◆ Your objective
Write out each entry below exactly; the images do not belong in your copy.

◆ Data provided
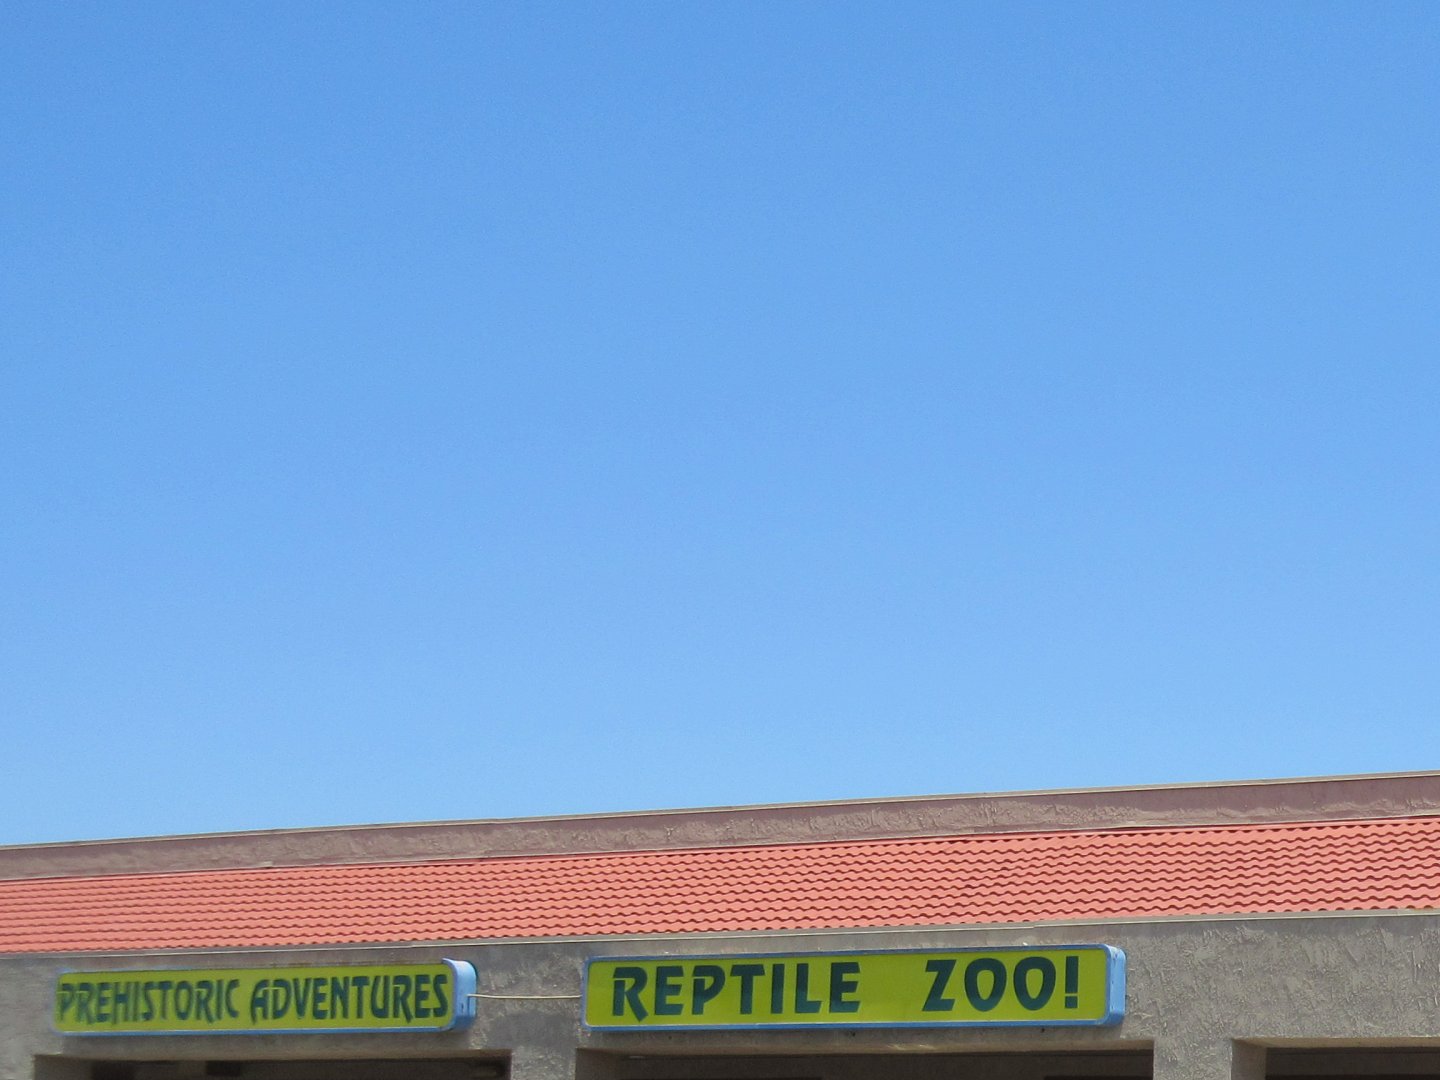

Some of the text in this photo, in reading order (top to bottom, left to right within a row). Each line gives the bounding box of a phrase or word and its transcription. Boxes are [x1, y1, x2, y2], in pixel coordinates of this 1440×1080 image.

[57, 974, 449, 1026] PREHISTORIC ADVENTURES
[611, 955, 1080, 1022] REPTILE ZOO!
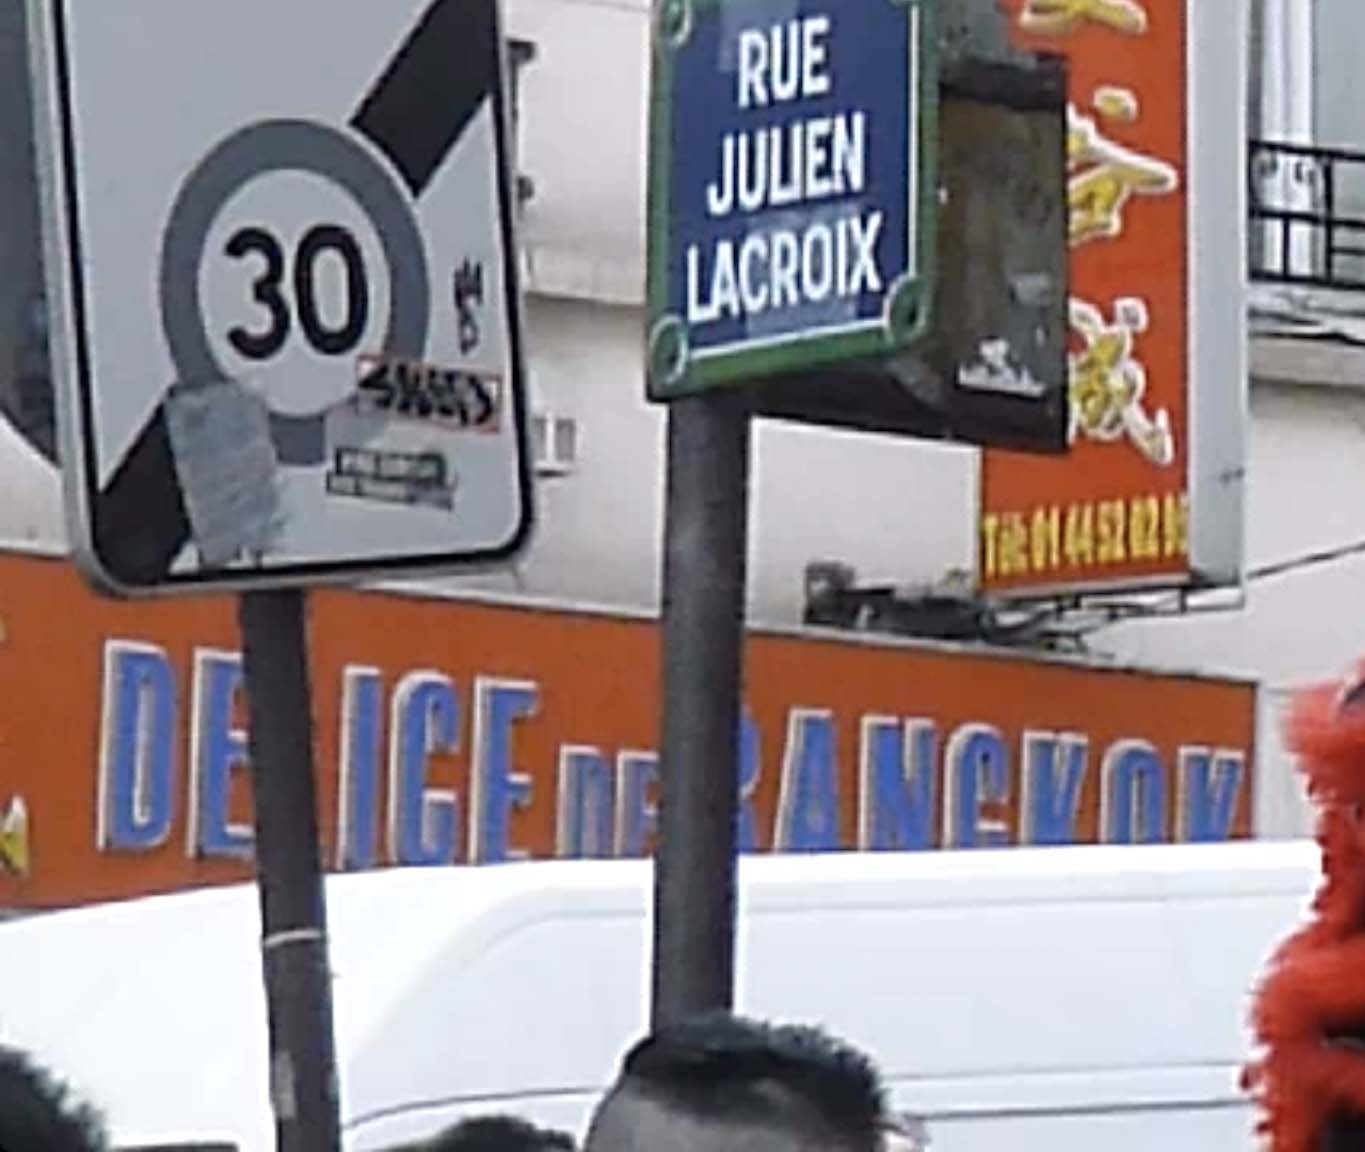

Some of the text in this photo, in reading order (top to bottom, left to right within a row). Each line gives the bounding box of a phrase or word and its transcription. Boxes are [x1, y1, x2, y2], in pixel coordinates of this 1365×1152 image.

[739, 15, 830, 107] RUE
[706, 111, 866, 218] JULIEN
[225, 224, 370, 360] 30
[687, 212, 884, 322] LACROIX
[97, 637, 539, 870] DEICE

◆ Problem solution
Some of the text in this photo, in reading order (top to bottom, left to right within a row). Each line gives the bounding box of a phrase or word and its transcription. Boxes are [x1, y1, x2, y2], in pixel coordinates of this 1440×1080 image.

[57, 974, 449, 1026] PREHISTORIC ADVENTURES
[611, 955, 1080, 1022] REPTILE ZOO!

Some of the text in this photo, in reading order (top to bottom, left to right within a row). Each line gives the bounding box of a phrase or word and its transcription. Boxes are [x1, y1, x2, y2], in pixel coordinates of this 1365×1152 image.

[739, 15, 830, 107] RUE
[706, 111, 866, 218] JULIEN
[225, 224, 370, 360] 30
[687, 212, 884, 322] LACROIX
[97, 637, 539, 870] DEICE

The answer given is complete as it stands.